“How about now?”
“I’m afraid that’s impossible. I’m busy…”
“So when?”
“Whenever you call, I’ll make myself available. Here, this is my number.” She dictated the number to him. He didn’t need to write it down and memorized it instantly.
“Feel better, Ofer. And… I’ll see you around,” she said and walked away.
Ofer mumbled the number she had just given him over and over. He had no intention of forgetting it.
The man who had earlier followed Gali, crouched behind a tall memorial stone. He was about thirty. The tiny bald patch on the crown of his head looked like a skullcap, and his eyes were covered with sunglasses. He dialed his cell phone.
“She met the intern from the law offices at the graveyard,” he reported.
“Did you see if she gave him something? A small object, a test tube perhaps?”
“No, I didn’t. Any new instructions?”
“Yes, you should now follow him and don’t let your eyes off him for an instant. If he has it, I want it. That’s all.”
The man ended the call, emerged from behind the gravestone and began to follow Ofer.
Chapter 32
Ofer returned to Tel Aviv from the cemetery. He was walking towards his apartment when he felt someone tugging his arm. He looked back and saw Abraham Mansherov hanging on his elbow like a lost child who had just found his parents. A large black skullcap covered his forehead, white stalks of hair emerged from beneath it.

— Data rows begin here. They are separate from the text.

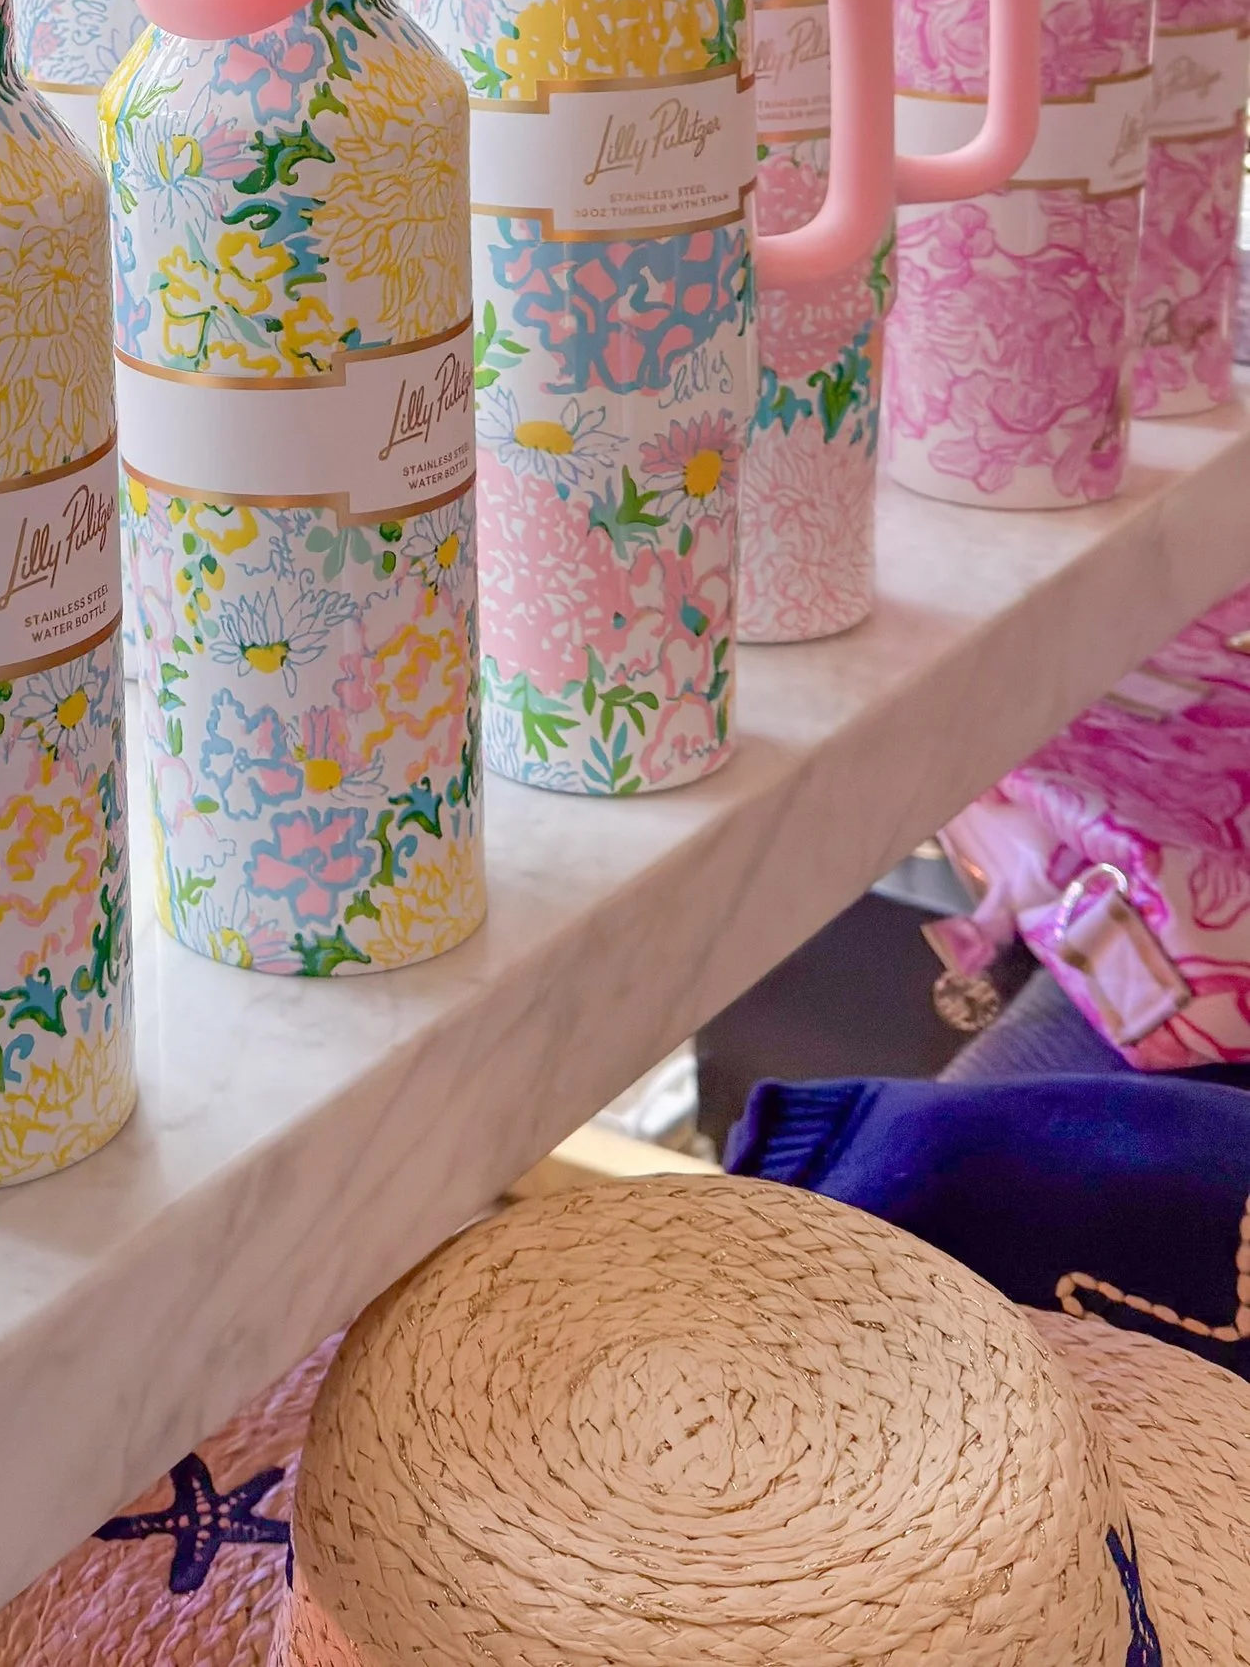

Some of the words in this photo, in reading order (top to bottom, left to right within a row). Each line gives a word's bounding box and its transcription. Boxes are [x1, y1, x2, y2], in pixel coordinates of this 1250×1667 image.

[583, 113, 649, 186] Lilly
[649, 97, 722, 158] Pulitzer
[378, 378, 433, 462] Lilly
[402, 451, 453, 477] STAINLESS
[408, 471, 444, 490] WATER
[62, 483, 116, 566] Pulitzer
[24, 597, 86, 629] STAINLESS
[86, 583, 110, 606] STEEL
[31, 619, 74, 644] WATER
[75, 600, 108, 627] BOTTLE

“What’s up, Mr. Mansherov?” asked Ofer.
“I need to speak with you urgently. He came back. He came back.”
“Who came back?” asked Ofer, unable to understand.
“That stranger I saw next to the building on the day of the break-in. I think he was the one who broke into your apartment. I saw him in the coffee shop in the pedestrian mall. I left everything and ran to find you. And here… with God’s help… I am, finding you right next to the house…” he panted while rapidly speaking.

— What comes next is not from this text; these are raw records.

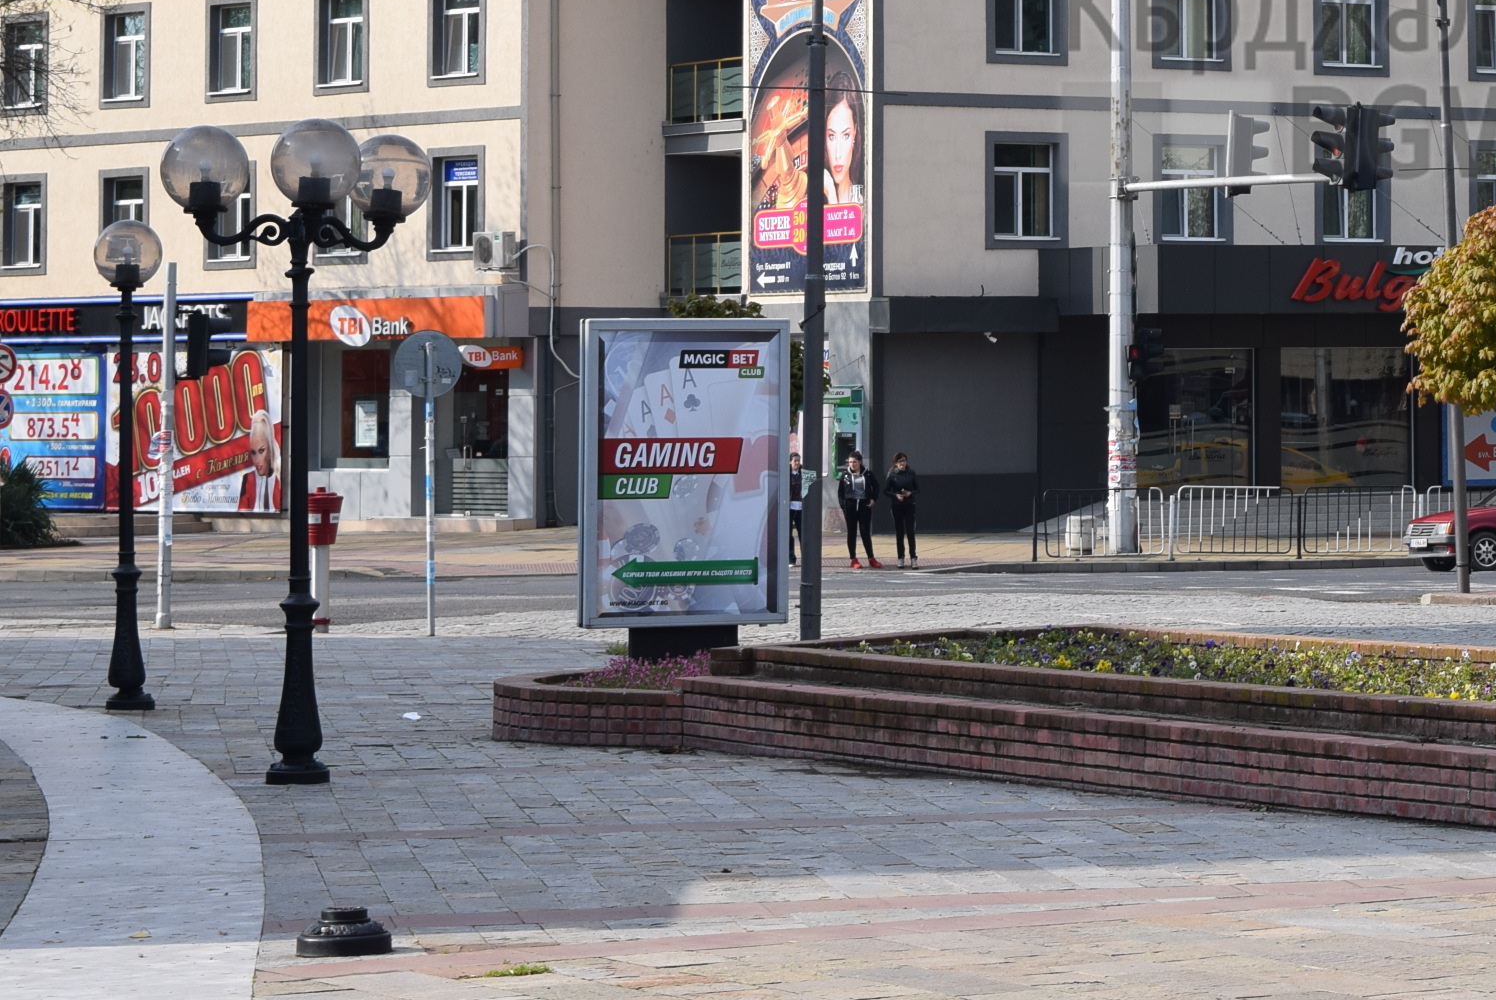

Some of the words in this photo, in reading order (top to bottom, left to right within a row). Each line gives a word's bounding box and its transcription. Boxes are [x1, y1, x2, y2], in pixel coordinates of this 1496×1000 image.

[759, 215, 791, 230] SUPER
[759, 230, 790, 242] MYSTERY
[1291, 257, 1419, 312] Bulg
[0, 308, 76, 332] ROULETTE
[337, 317, 363, 335] TBI
[372, 316, 409, 336] Bank
[467, 351, 486, 362] TBI
[492, 350, 518, 361] Bank
[683, 353, 725, 365] MAGIC
[732, 353, 756, 364] BET
[741, 368, 762, 376] CLUB
[614, 441, 716, 469] GAMING
[615, 477, 659, 495] CLUB

Ofer didn’t linger. “Come on, let’s run. Perhaps we can manage to catch up with him,” he said, although he found it hard to believe the stranger would be waiting for them in the same place.
They were almost at Allenby Street. Ofer didn’t have a clue what he would do if he found the guy in the coffee shop. He imagined himself storming him with fury and taking him to the police.
Allenby Street and the entrance to the pedestrian mall were filled with people. The coffee shop at the corner of Bialik, where the stranger was supposed to be sitting according to Mansherov, was crowded.
“Do you see him?” whispered Ofer in Mansherov’s ear.
“No, he disappeared as if the earth had swallowed him,” the old man answered with disappointment.
“Let’s sit down and have something to drink,” Ofer generously suggested.
They found a small corner table. Mansherov drank orange juice, and Ofer asked for Arak liquor with red grapefruit juice. It was early, but he saw no other way to erase the sense of discomfort the funeral had awoken in him, the memory of his meeting with Gali and the disappointment caused by the stranger’s disappearance.
He heard Mansherov cough, and then an elbow was shoved into his ribs and emptied his lungs of air.
“There he is,” Mansherov bent and whispered hoarsely.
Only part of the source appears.